If an RRDP endpoint is unavailable but it has worked in the past, Routinator will assume this is a transient problem. What action is taken is determined by the --rrdp-fallback option. The default policy is stale. This means Routinator will retry using RRDP for up to 60 minutes since the last successful update, during which it will rely on the locally cached data for this repository. After this time, Routinator will try to use rsync to fetch the data instead. To spread out load on the rsync server, the exact moment fallback happens is picked randomly between the refresh time and the --rrdp-fallback-time value. If rsync communication is unsuccessful too, the local cache is used until the objects go stale and ultimately expire.

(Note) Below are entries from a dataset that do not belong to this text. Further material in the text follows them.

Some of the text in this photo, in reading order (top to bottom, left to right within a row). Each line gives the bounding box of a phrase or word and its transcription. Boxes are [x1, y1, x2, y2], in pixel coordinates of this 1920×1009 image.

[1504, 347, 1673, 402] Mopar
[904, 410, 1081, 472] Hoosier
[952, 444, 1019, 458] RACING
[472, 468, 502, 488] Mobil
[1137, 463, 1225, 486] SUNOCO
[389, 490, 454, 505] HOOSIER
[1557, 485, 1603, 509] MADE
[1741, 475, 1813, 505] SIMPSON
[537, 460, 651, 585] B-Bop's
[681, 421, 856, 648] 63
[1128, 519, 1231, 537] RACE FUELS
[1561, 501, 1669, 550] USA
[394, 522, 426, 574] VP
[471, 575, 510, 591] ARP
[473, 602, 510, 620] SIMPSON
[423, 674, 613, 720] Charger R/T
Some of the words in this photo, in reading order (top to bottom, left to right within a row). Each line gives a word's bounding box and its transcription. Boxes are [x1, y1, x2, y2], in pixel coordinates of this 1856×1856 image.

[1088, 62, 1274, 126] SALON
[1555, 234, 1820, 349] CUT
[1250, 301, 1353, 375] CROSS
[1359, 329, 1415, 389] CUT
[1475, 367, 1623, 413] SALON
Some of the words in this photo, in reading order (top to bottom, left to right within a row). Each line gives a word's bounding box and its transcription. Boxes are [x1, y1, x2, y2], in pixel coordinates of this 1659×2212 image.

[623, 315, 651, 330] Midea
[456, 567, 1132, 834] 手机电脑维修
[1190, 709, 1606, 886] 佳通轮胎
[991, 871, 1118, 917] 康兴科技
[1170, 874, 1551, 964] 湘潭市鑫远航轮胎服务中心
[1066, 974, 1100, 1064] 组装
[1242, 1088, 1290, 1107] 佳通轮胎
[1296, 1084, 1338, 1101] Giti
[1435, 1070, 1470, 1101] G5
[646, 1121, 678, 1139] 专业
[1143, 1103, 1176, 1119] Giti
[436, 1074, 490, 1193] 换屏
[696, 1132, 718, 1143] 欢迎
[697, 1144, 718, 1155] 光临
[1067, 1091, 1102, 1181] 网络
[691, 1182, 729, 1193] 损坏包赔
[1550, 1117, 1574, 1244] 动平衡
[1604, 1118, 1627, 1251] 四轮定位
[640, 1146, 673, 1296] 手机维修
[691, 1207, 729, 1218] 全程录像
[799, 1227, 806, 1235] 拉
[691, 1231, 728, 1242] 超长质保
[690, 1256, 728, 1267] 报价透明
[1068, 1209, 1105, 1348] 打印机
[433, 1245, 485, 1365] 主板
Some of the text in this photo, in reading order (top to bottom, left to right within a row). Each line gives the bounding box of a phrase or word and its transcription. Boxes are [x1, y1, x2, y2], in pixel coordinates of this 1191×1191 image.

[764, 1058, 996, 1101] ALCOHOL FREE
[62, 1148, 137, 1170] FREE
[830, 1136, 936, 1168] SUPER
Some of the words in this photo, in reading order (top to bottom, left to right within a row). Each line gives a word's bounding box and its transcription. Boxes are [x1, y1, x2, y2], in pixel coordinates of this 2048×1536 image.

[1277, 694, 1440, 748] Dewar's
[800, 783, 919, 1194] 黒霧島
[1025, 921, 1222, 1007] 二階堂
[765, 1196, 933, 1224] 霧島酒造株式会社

Another policy for --rrdp-fallback is never. This means that rsync is never tried for a CA that advertises the availability of RRDP. Lastly, the policy new means that rsync is tried if an update via RRDP fails and there is no local copy of the RRDP repository at all. In other words, an update via RRDP has never succeeded for the repository. Choosing this policy allows a repository operator some leeway when first enabling RRDP support.

New in version 0.9.0.

Changed in version 0.12.0: The --rrdp-fallback option

Update Interval

Routinator will fetch new RPKI data ten minutes after the last successful update has finished. The interval can be changed using the --refresh option. It is possible that it takes very long to update a repository due to temporary network problems. To ensure a slow repository doesn’t stop the entire update process from completing, Routinator has a timeout for stalled connections. For RRDP, this timeout is implemented as an HTTP request timeout. For rsync, the timeout is around the spawned rsync process. The default is five minutes for both and can be changed via the --rsync-timeout and --rrdp-timeout options.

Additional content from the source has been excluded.